Steve Bennett stevagewp at gmail.com
Thu May 18 09:48:19 UTC 2006


On 5/18/06, Anthony DiPierro <wikilegal at inbox.org> wrote:
>
> Nowadays you don't even have to go to a library to look up journal
> articles.  Wikipedians must be getting the information they put into
> articles from somewhere, and I find it hard to believe that more than
> a miniscule portion of it is straight from their memory.


I know heaps of stuff that isn't in Wikipedia. And I didn't get it from
reading "reliable sources". To take another example, [[Bouchon]]. Any person
who has spent more than a couple of days in Lyon knows what a bouchon is (a
typically Lyonnais restaurant). Yet Wikipedia had nothing on them. I didn't
feel like I was going out on a limb creating a stub about a bouchon saying
that they serve very meaty dishes that many foreigners wouldn't necessarily
appreciate. Of course for the details on exactly what they do and don't
serve, I went to a book.

I'm offering this account not as what should be done, but what I believe is
current practice - but the use of a book is even more stringent than most, I
suspect.

The interpretation of WP:V that says that any information that is not
accompanied by a citation should never enter Wikipedia is, IMHO, novel.

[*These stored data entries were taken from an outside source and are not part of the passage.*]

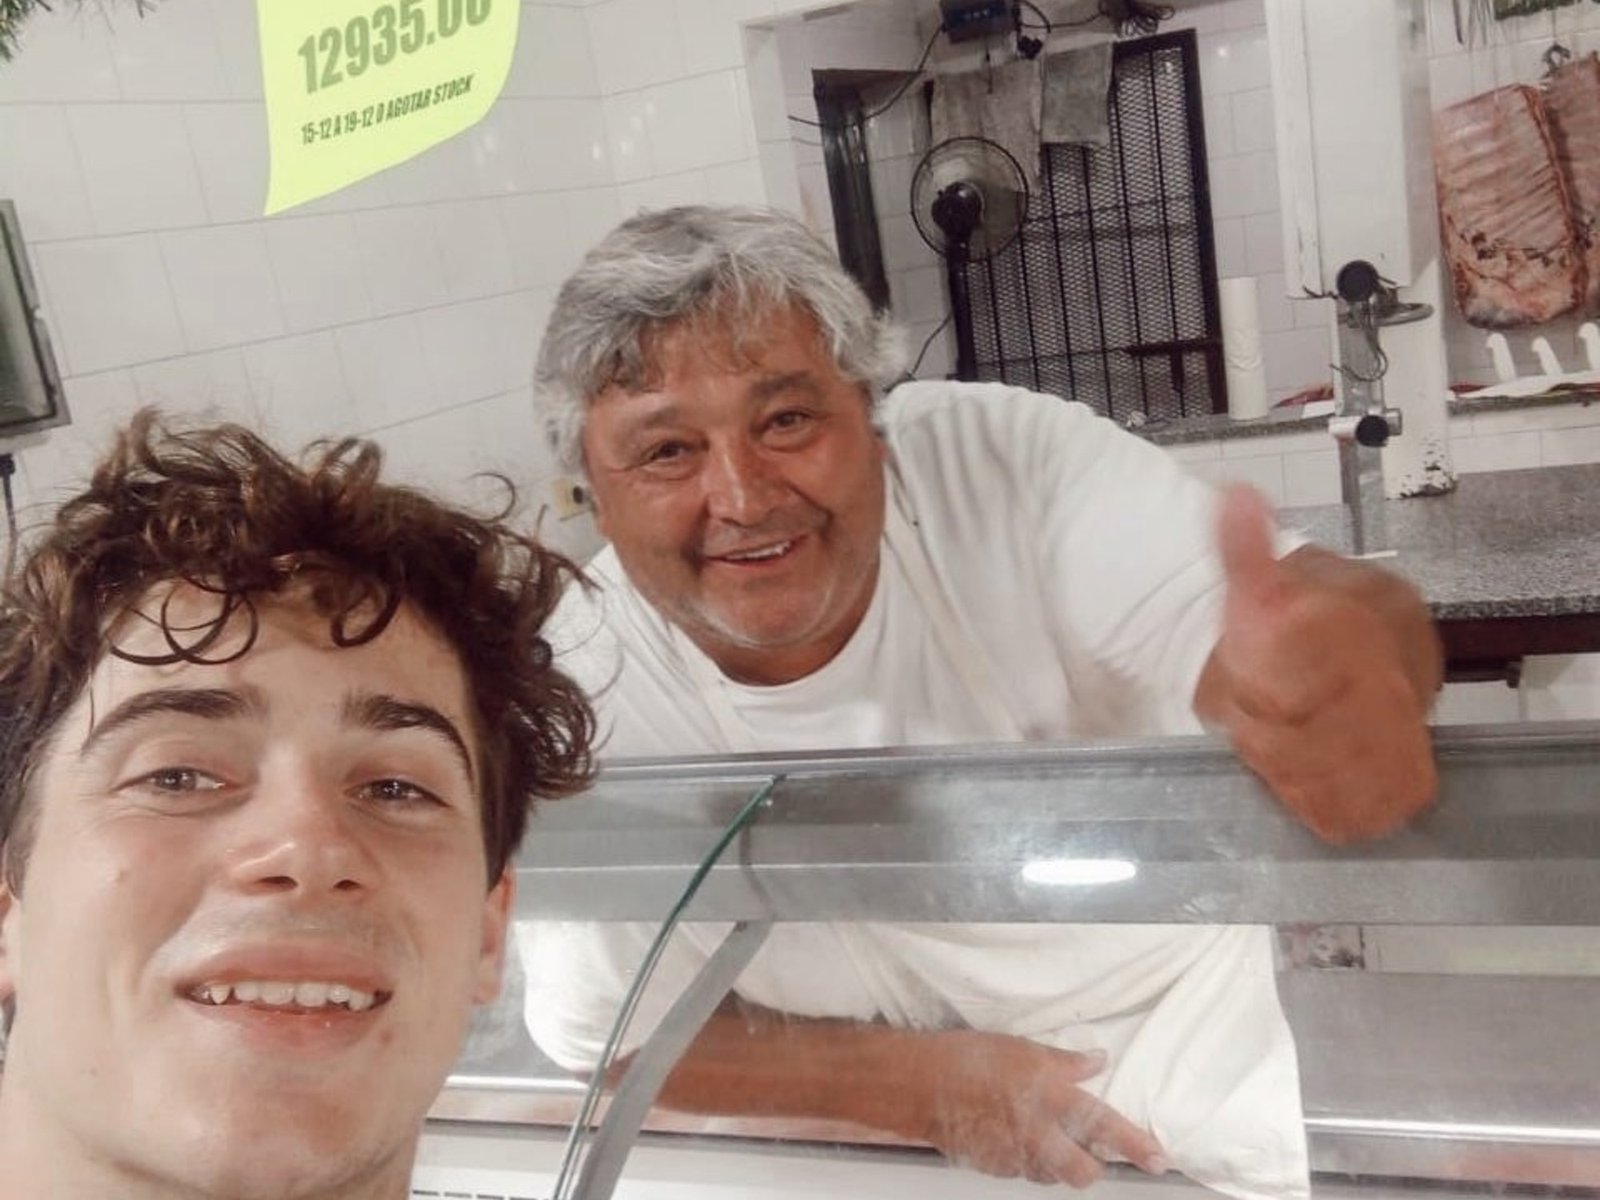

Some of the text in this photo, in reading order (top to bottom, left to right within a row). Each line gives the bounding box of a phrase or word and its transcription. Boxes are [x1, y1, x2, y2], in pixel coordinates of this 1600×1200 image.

[301, 117, 332, 145] 15-12
[333, 114, 342, 138] A
[344, 105, 374, 134] 19-12
[386, 88, 432, 121] AGOTAR
[432, 73, 475, 106] STOCK
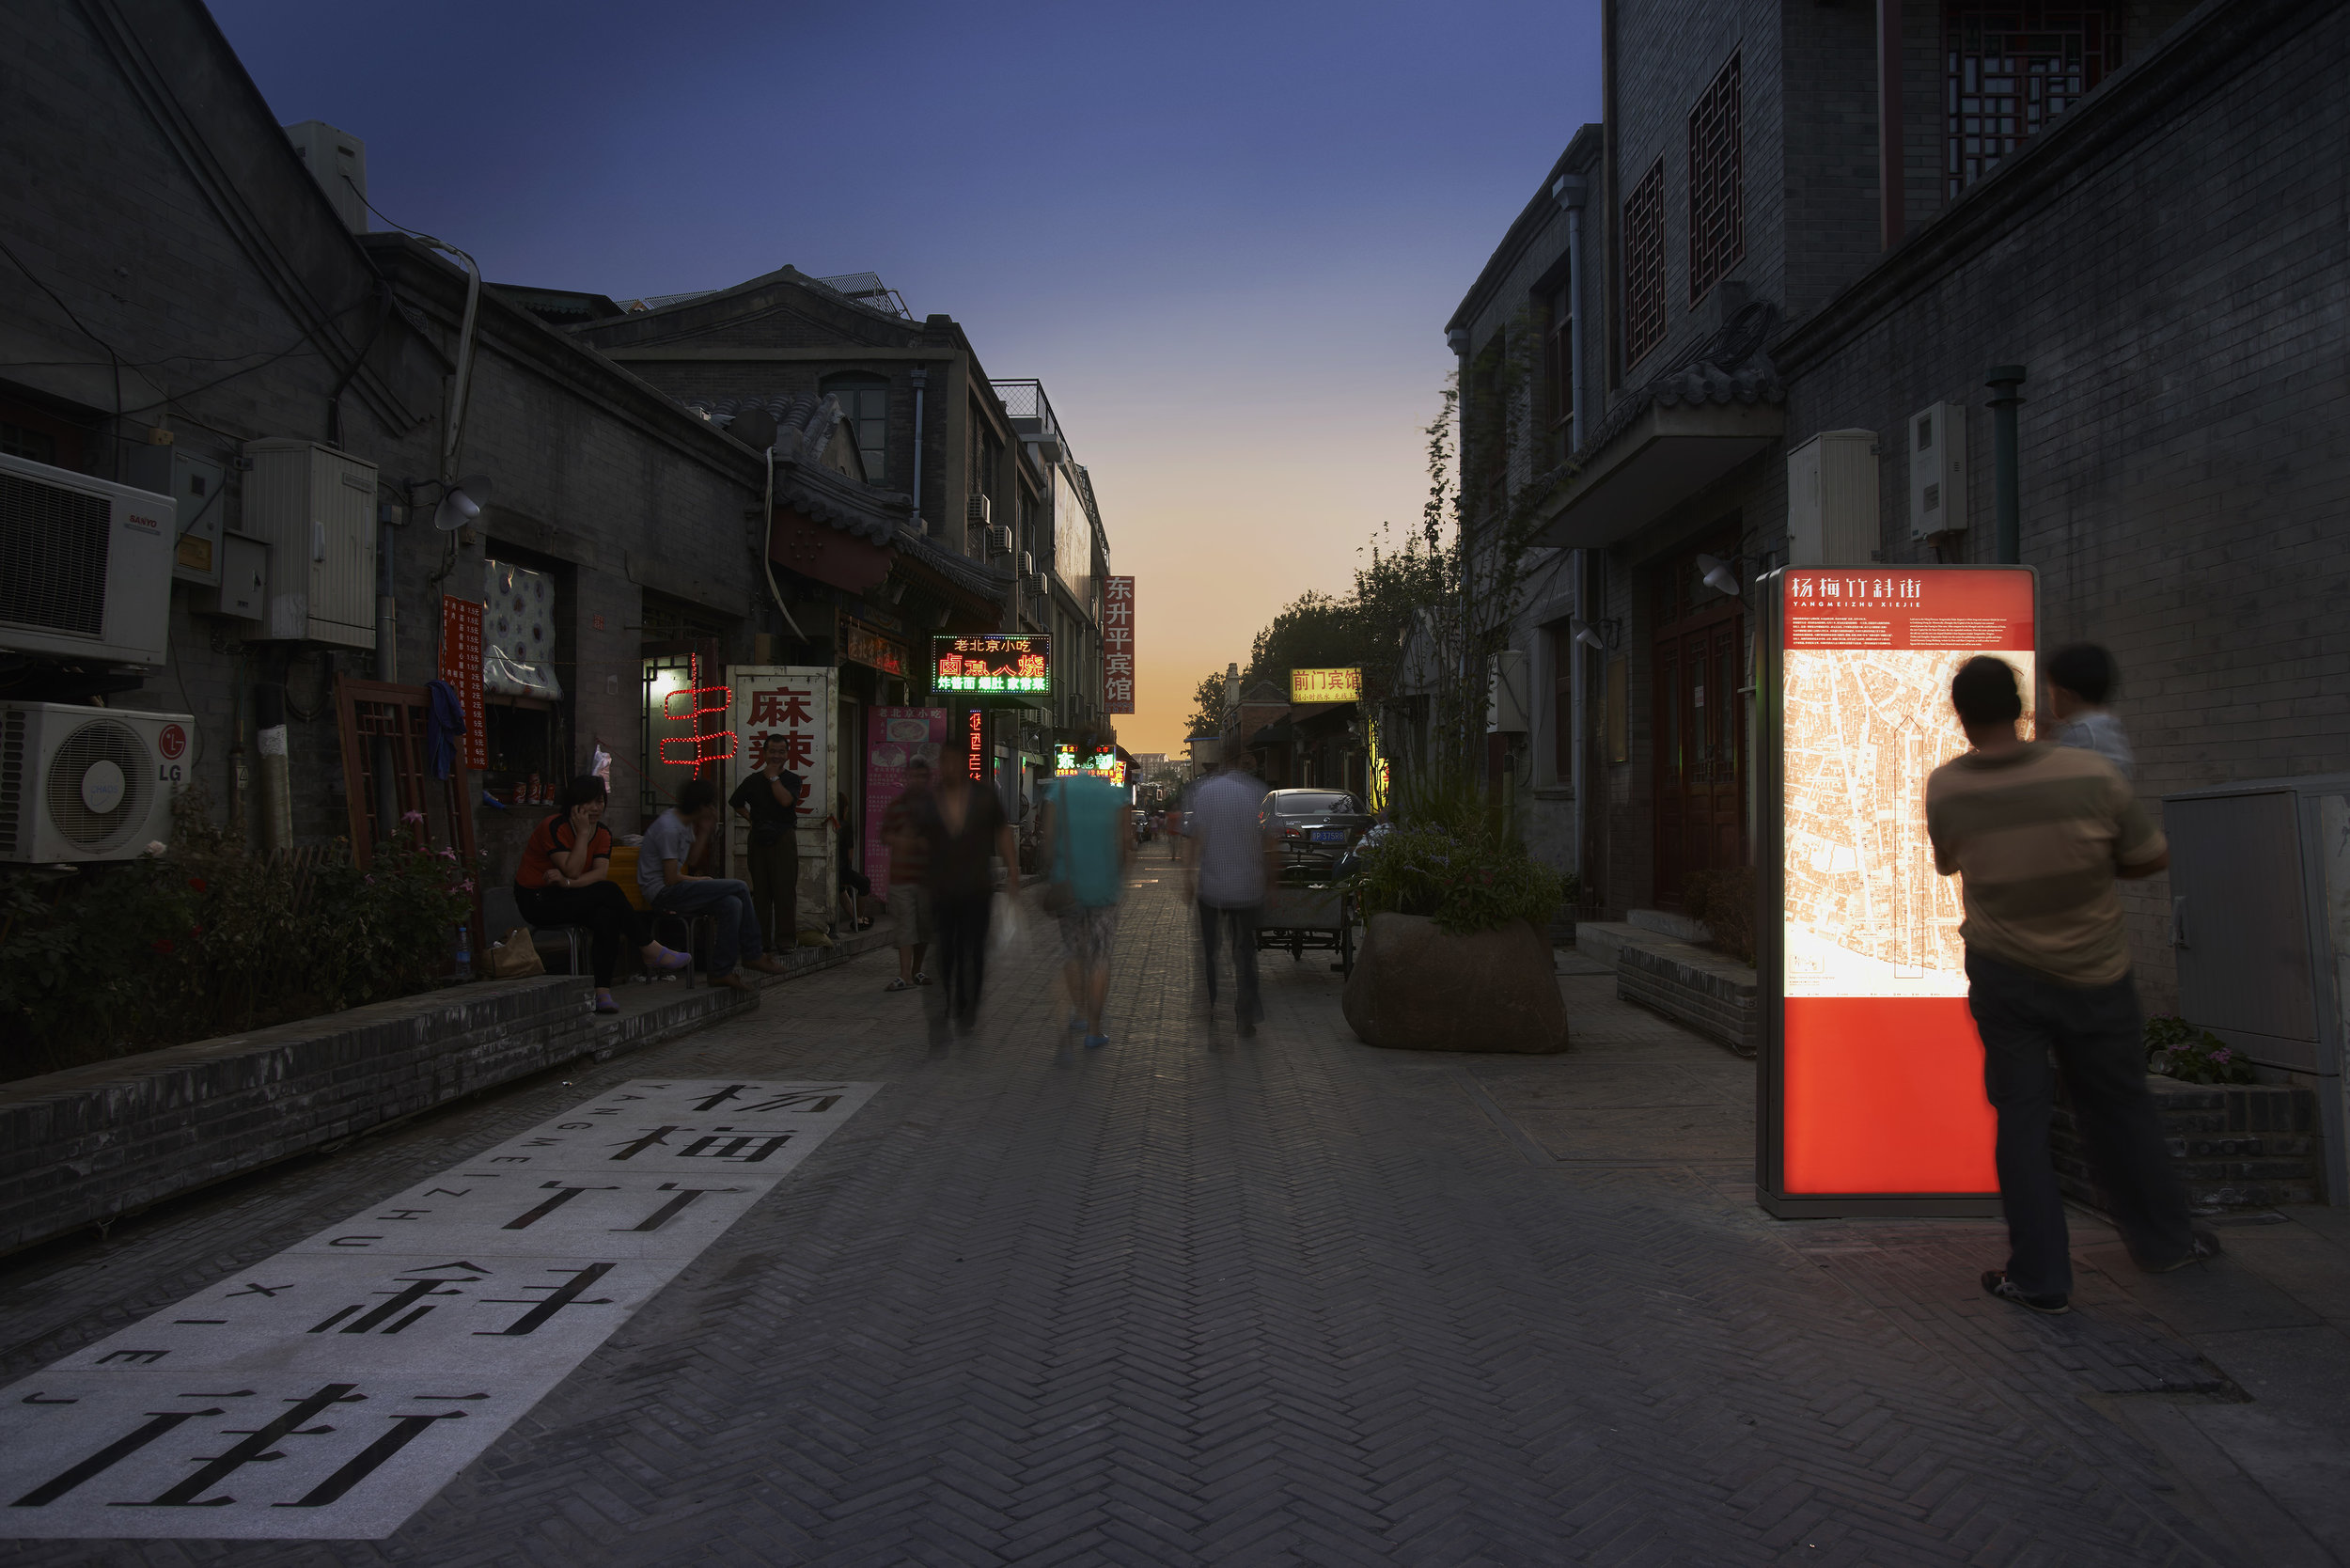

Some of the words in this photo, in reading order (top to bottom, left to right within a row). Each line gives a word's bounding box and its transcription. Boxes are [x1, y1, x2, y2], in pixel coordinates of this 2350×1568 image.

I
would have nothing against that becoming the official interpretation, but
it's not even close to being the dominant one at the moment.

The ad hoc system in place now is completely backwards.  You're
> supposed to get your sources first, *then* write the article.  Believe
> it or not I'm completely in agreement with Jimbo that unsourced
> material should not be in Wikipedia articles.  But just telling people
> to do a better job or "be kicked out of the project just for being
> lousy writers" is not a very productive way of achieving that.
>


If we don't want unsourced material, why have we tolerated it so long?